2002 APR / Honickman First Book Prize Winner
Kathleen Ossip, The Search Engine
"I wanted to have a voice in the opera, or play flute in the symphony of contemporary poetry. For me, writing poetry is a deep need, a compulsion. Before winning the book prize I was writing furiously, honing my craft, and trying to perfect my poems."
Kathleen Ossip clearly perfected her poems enough to be chosen as the 2002 Book Prize recipient.
The Simp
Cuando en el train, en el ghost train,
con los guns y los wallets, you drip
ice sweats. Cuando en la booth, you talk
long time. Some dumb hoodoo man dagnabbed
you for your sins! You ain't no psychic.
You ain't no shopper. Cuando en la
deli, you get a ham omelet
"When you accumulate enough works you start seeing shapes, forms, arcs, and a bigger picture in what you've written. They start to coalesce, and each individual poem benefits from being in juxtaposition with other works."

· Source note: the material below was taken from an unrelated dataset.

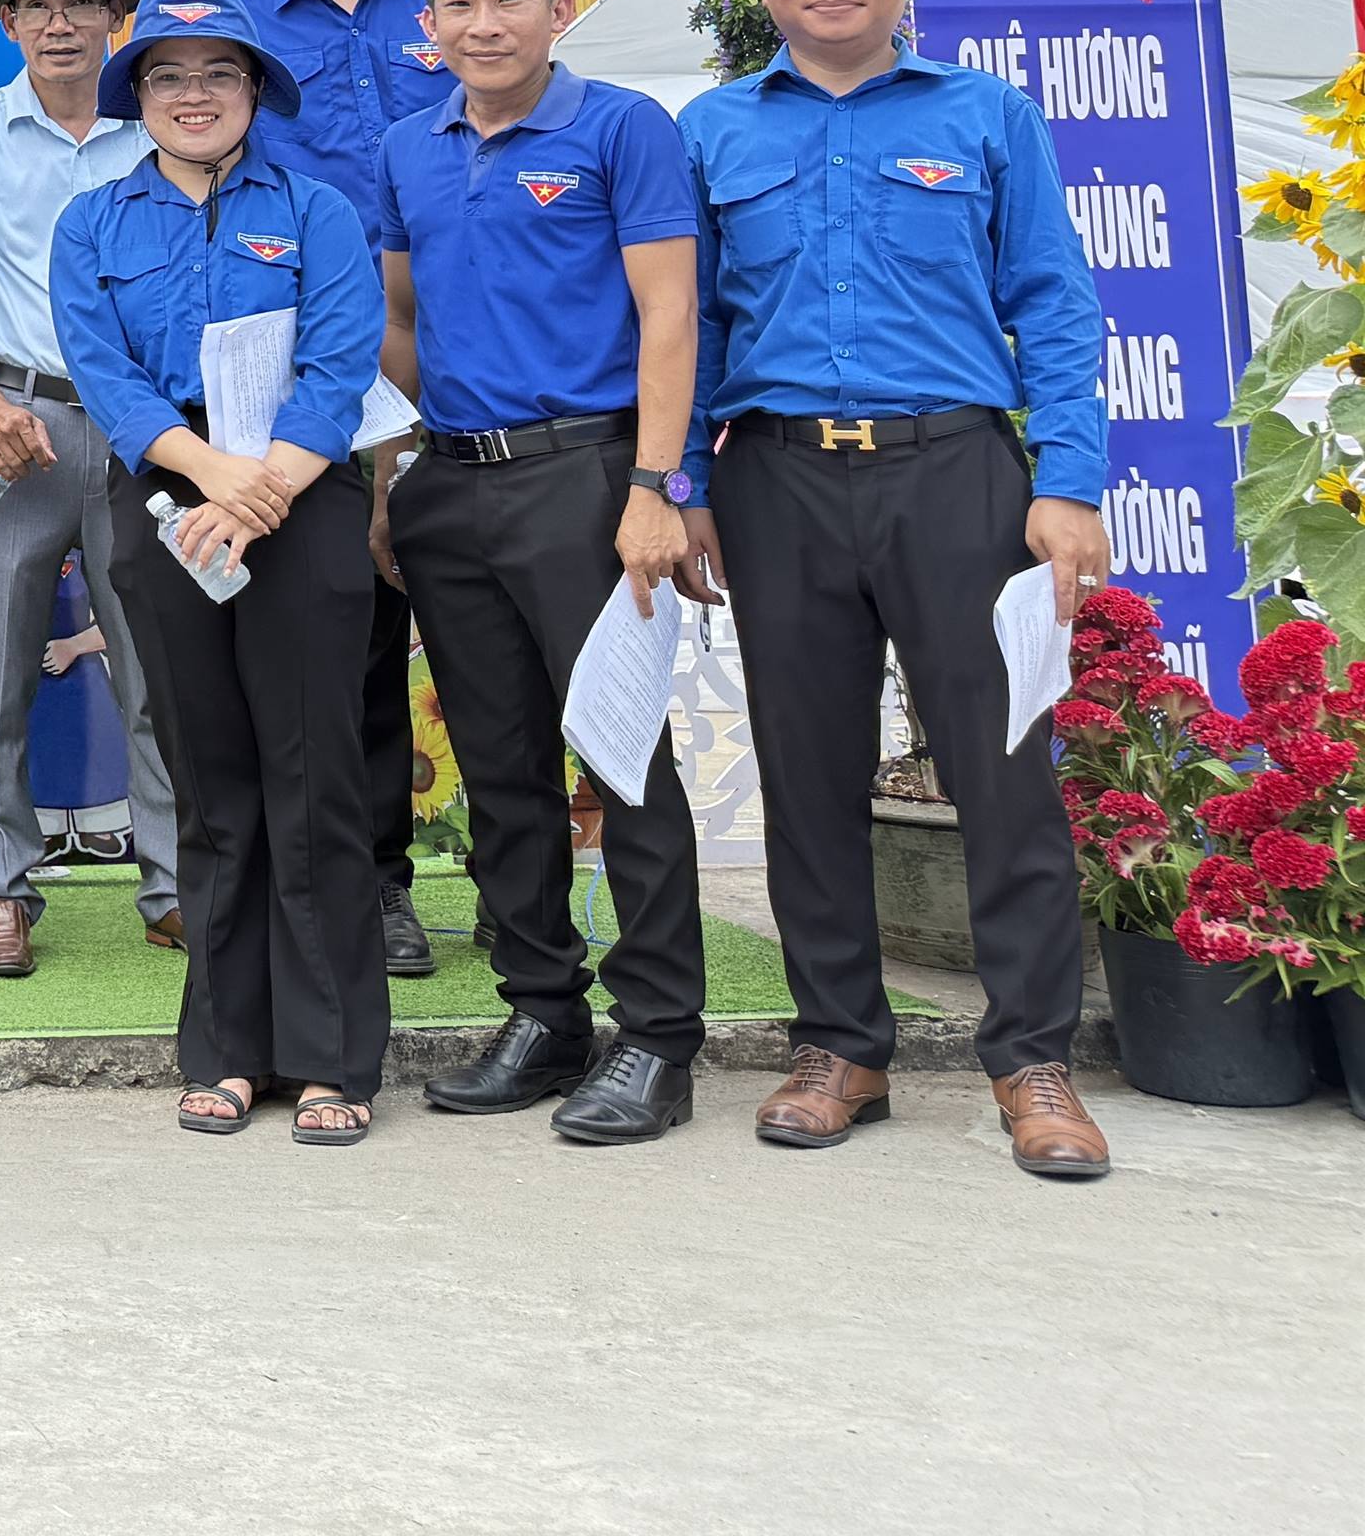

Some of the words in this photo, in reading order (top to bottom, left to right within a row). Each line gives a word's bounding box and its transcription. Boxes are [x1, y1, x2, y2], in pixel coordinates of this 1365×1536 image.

She also felt an affinity with that year's judge, Derek Walcott, in their shared musical style of writing.
"I noticed a very musical style to his writing, which I enjoyed. That 'music of verse' is also present in my poetry. And in his earlierworks he did some interesting things with diction, which I also do, so perhaps that's what appealed to him in my writing."
Kathleen Ossip reads "Rants"
One of the best things that Kathleen feels happened to her as a result of winning the prize was that she now had a voice, and was part of an ongoing conversation.
"This book prize was a fabulous opportunity because it's so visible. APR is such a respected journal, it has a consistently high standard, and has excellent judges. The respect that people have for it in the field of poetry is beyond compare."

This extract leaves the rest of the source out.